Methods: In this cross-sectional study, humidity, temperature, wind speed and room characteristics of 35 wards of 12 hospitals affiliated to Tehran University of Medical Sciences which consisted a total of 269 rooms were investigated, and results were compared with related standards and guidelines. Investigated wards included infectious, blood, gastrointestinal and tuberculosis wards which have importance from airborne pathogens perspective. The correlation between ACH index and altitude, temperature and humidity along with wards classification to airborne and non-airborne sections, and evaluation of their ACH mean were conducted with Kruskal–Wallis and Fligner-Killeen test by R (version 3.2.0) and Excel 2013 software.
Results: The minimum, maximum and average values of wind speed, humidity and temperature in airborn and non-airborn sections were measured as (0 and 2.9 m/s), (13.5% and 40%) and (24 and 30.7 ºC), respectively. Also, the means of ACH in airborne and non-airborne were 20.5 and 31, respectively. In addition, significant relations among the different parameters of study according to the Kruskal–Wallis test were observed (P-value<0.05).
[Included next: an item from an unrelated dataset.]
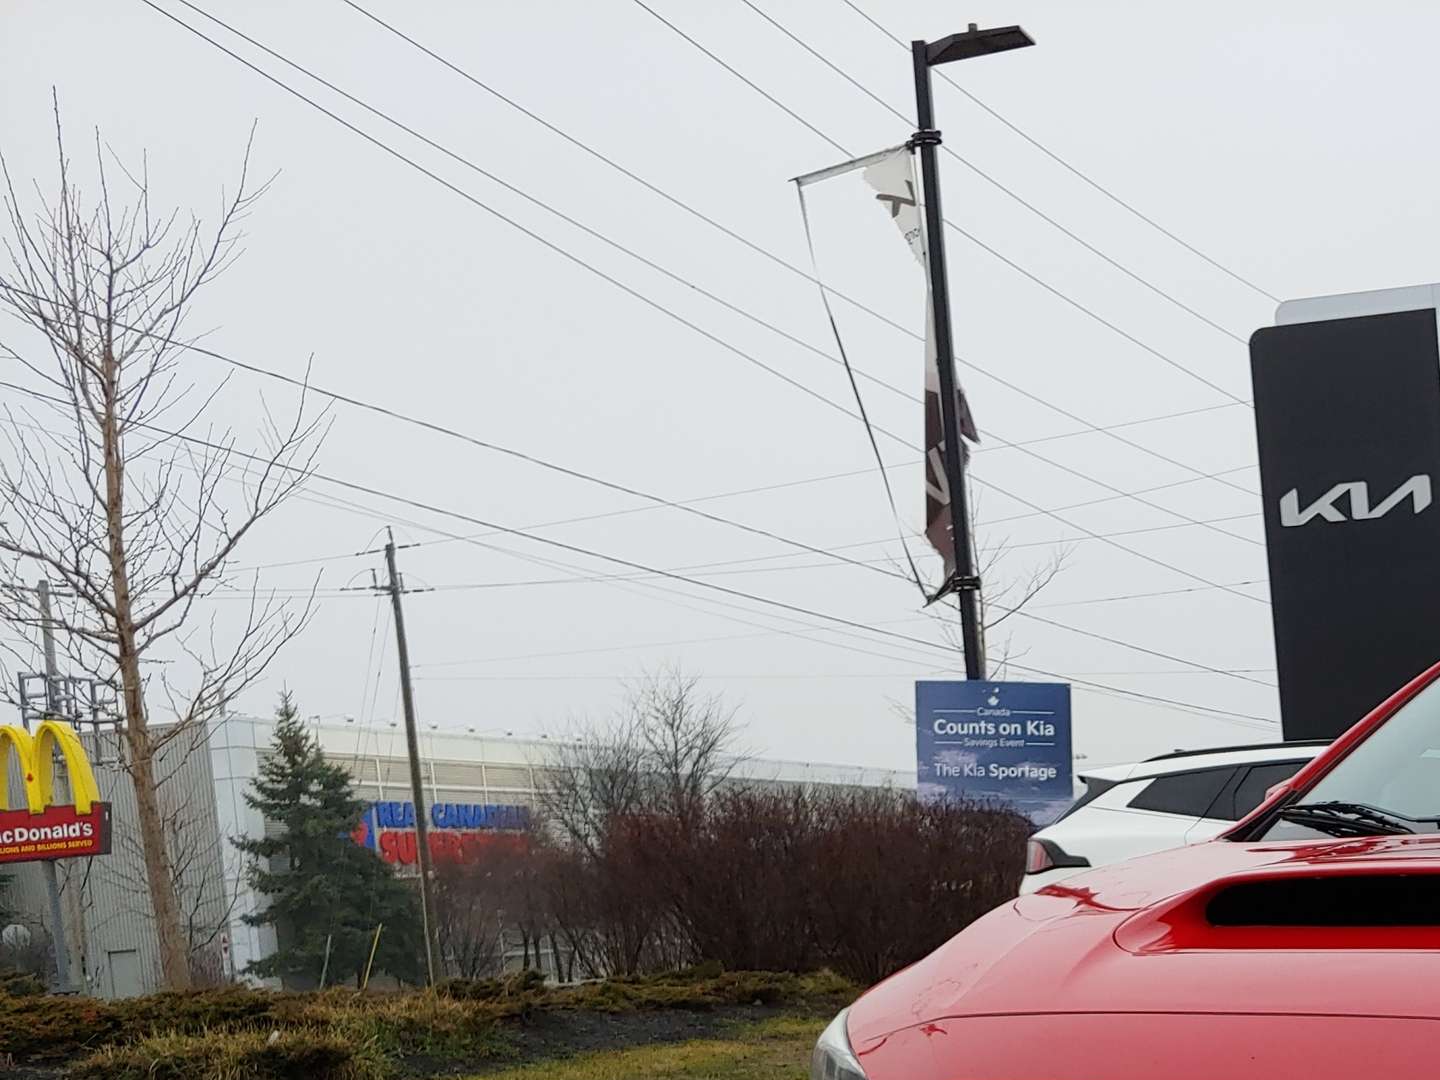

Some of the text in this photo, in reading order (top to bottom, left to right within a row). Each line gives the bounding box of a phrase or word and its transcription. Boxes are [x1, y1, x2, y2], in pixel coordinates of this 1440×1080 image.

Conclusion: According to the obtained results of present study and comparing the results with related standards (ACH=12) indicated that opening of the doors and windows of rooms have high potential in reducing the nosocomial infection in studied hospitals. Furthermore, more energy costs can be saved by using natural ventilation in different wards.

Key words: Natural ventilation, Infection control, air changes per hour, Hospital
Full-Text [PDF 661 kb]   (841 Downloads)    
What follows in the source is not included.